**TASK ITEM:** Leave the pictures out and write out the rest of the listing word for word.

**GIVEN RECORDS:**
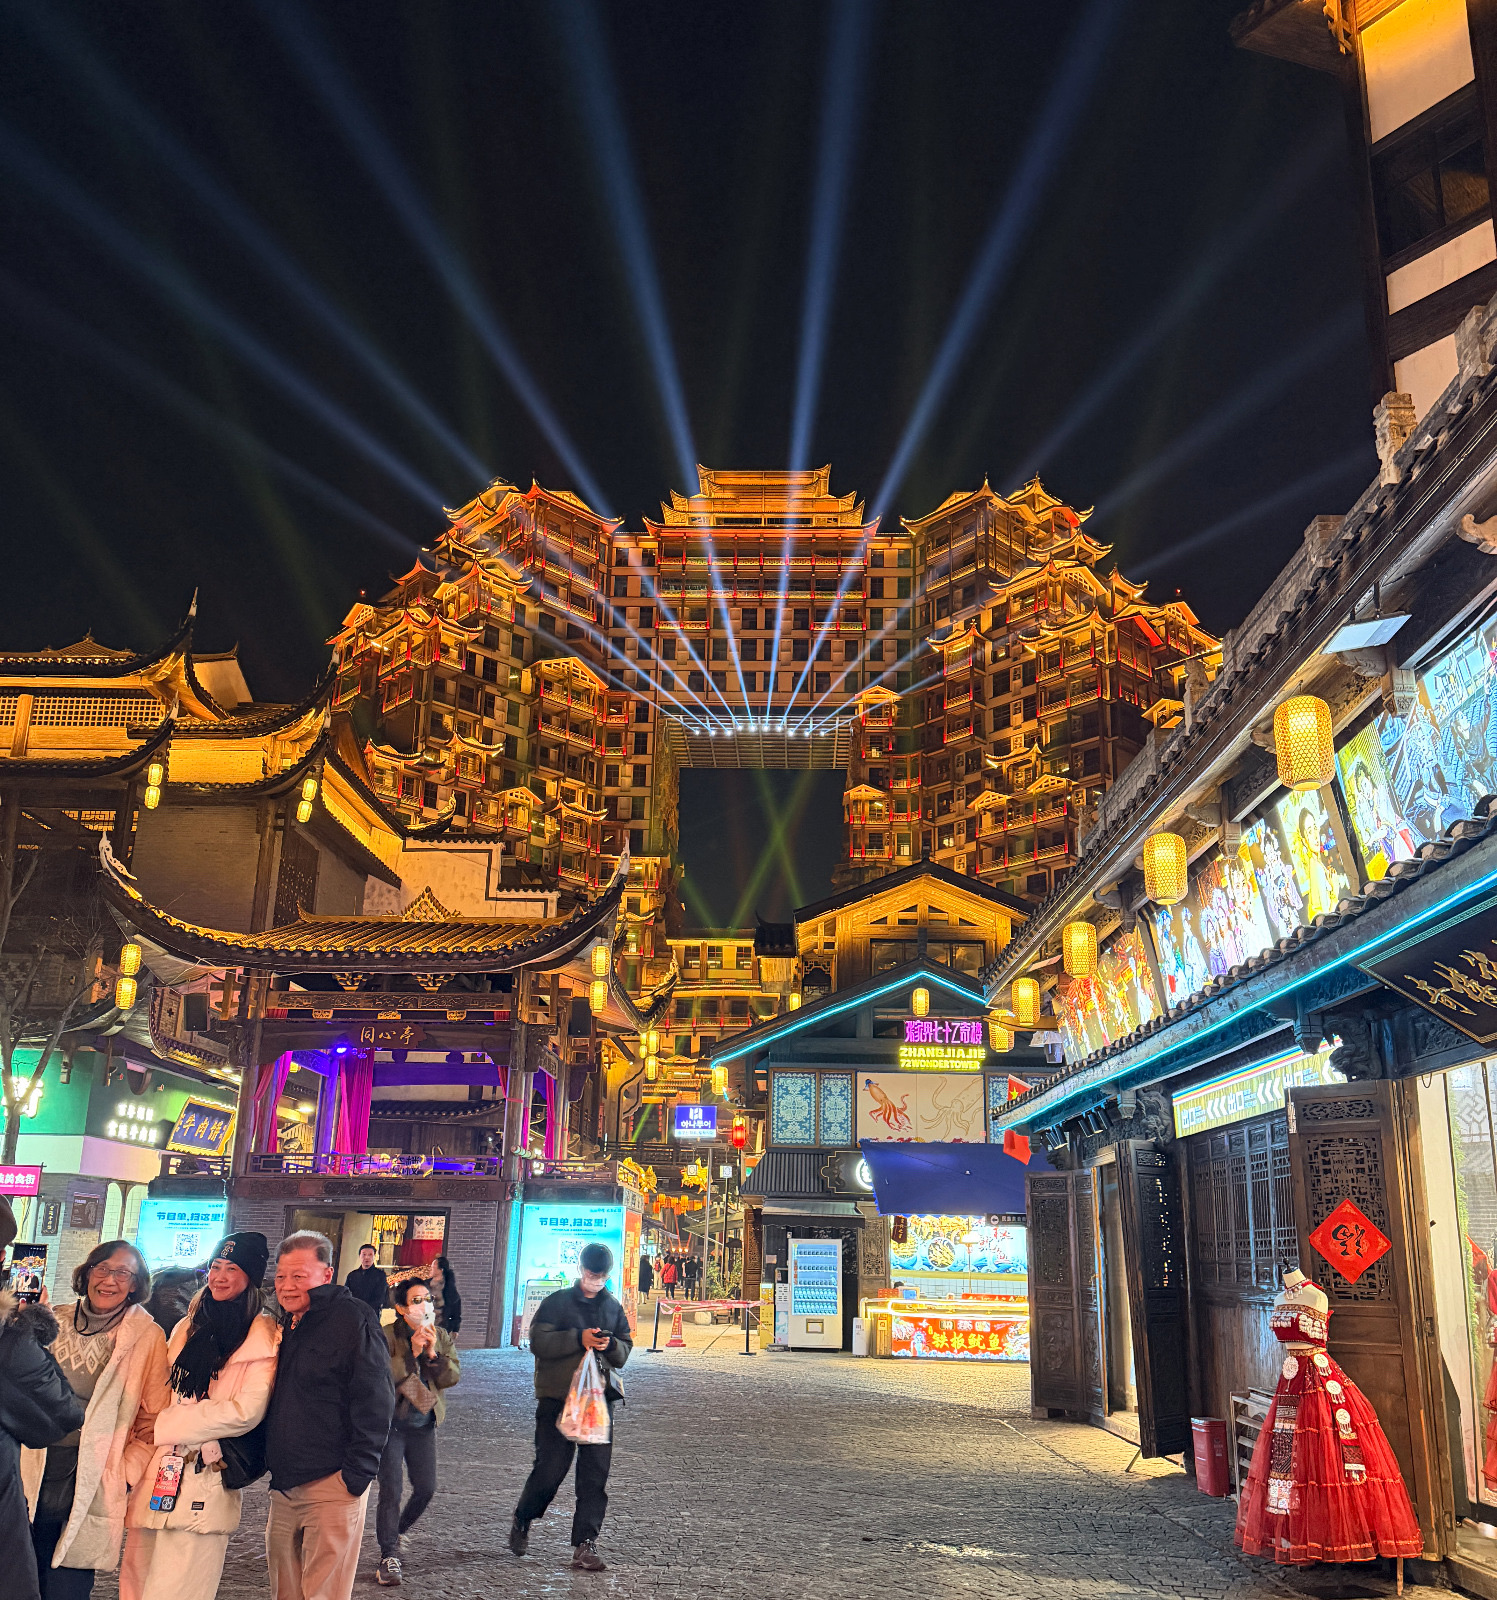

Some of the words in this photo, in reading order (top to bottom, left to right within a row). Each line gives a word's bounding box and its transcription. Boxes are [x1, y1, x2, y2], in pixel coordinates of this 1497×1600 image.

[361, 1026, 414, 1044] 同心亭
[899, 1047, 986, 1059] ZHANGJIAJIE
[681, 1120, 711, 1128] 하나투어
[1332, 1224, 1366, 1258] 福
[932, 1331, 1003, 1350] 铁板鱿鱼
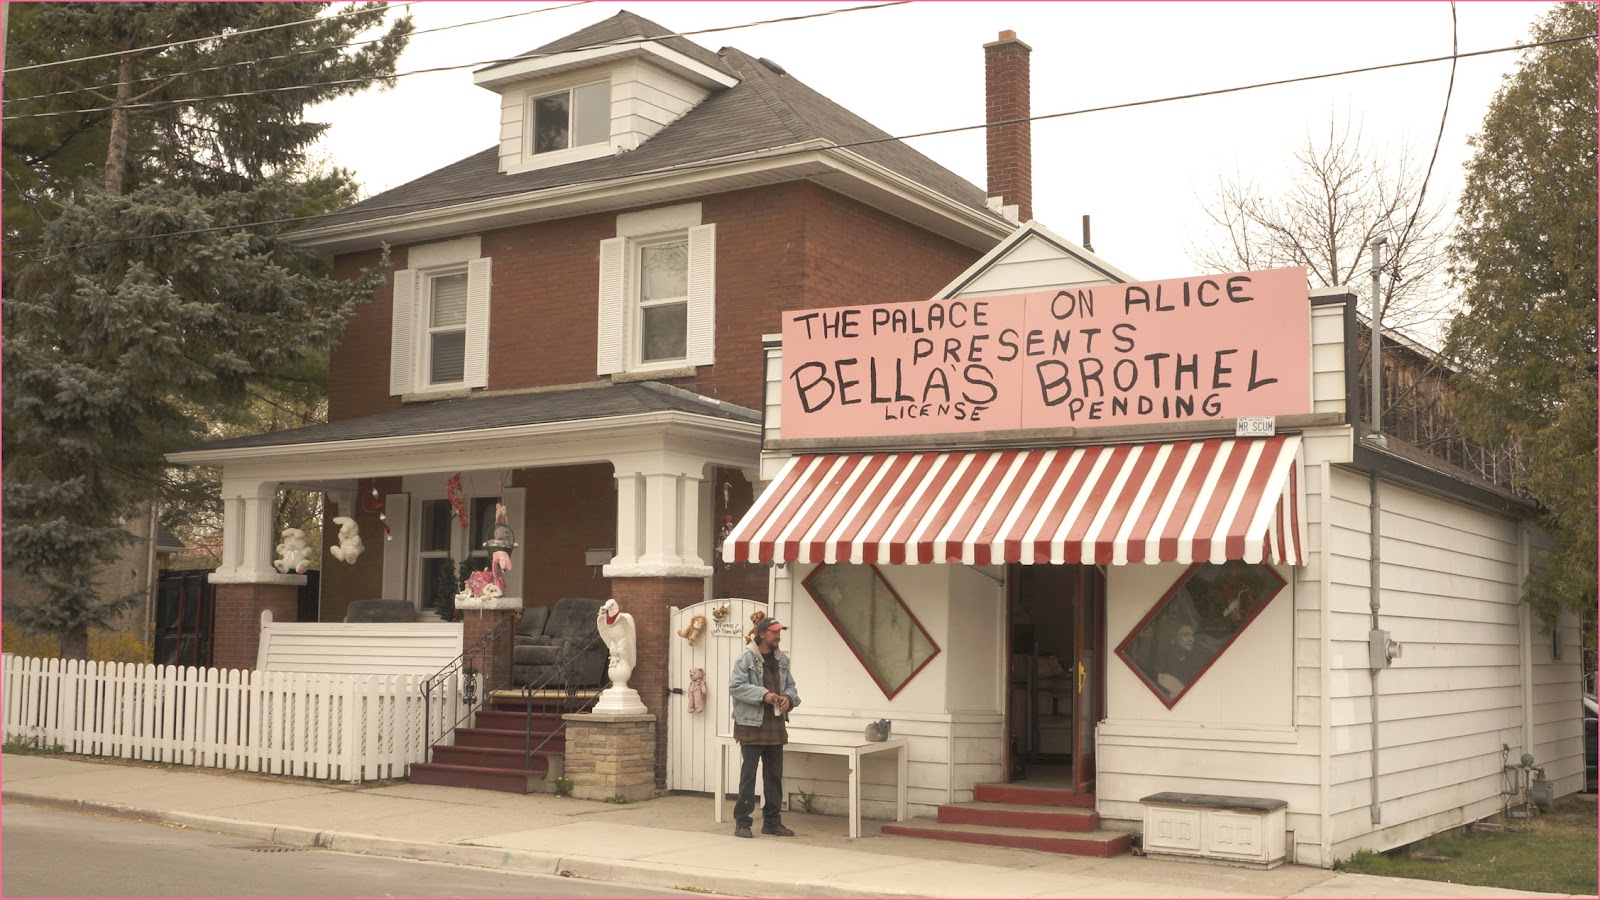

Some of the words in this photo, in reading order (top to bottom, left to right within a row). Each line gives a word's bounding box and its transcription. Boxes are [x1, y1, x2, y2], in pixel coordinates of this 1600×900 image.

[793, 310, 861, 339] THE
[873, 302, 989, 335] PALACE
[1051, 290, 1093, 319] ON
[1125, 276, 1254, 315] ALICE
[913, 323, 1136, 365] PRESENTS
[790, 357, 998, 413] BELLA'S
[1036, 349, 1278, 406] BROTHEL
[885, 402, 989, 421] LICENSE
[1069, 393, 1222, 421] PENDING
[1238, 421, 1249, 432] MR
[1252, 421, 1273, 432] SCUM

**FINAL ANSWER:**
Some of the words in this photo, in reading order (top to bottom, left to right within a row). Each line gives a word's bounding box and its transcription. Boxes are [x1, y1, x2, y2], in pixel coordinates of this 1497×1600 image.

[361, 1026, 414, 1044] 同心亭
[899, 1047, 986, 1059] ZHANGJIAJIE
[681, 1120, 711, 1128] 하나투어
[1332, 1224, 1366, 1258] 福
[932, 1331, 1003, 1350] 铁板鱿鱼

Some of the words in this photo, in reading order (top to bottom, left to right within a row). Each line gives a word's bounding box and its transcription. Boxes are [x1, y1, x2, y2], in pixel coordinates of this 1600×900 image.

[793, 310, 861, 339] THE
[873, 302, 989, 335] PALACE
[1051, 290, 1093, 319] ON
[1125, 276, 1254, 315] ALICE
[913, 323, 1136, 365] PRESENTS
[790, 357, 998, 413] BELLA'S
[1036, 349, 1278, 406] BROTHEL
[885, 402, 989, 421] LICENSE
[1069, 393, 1222, 421] PENDING
[1238, 421, 1249, 432] MR
[1252, 421, 1273, 432] SCUM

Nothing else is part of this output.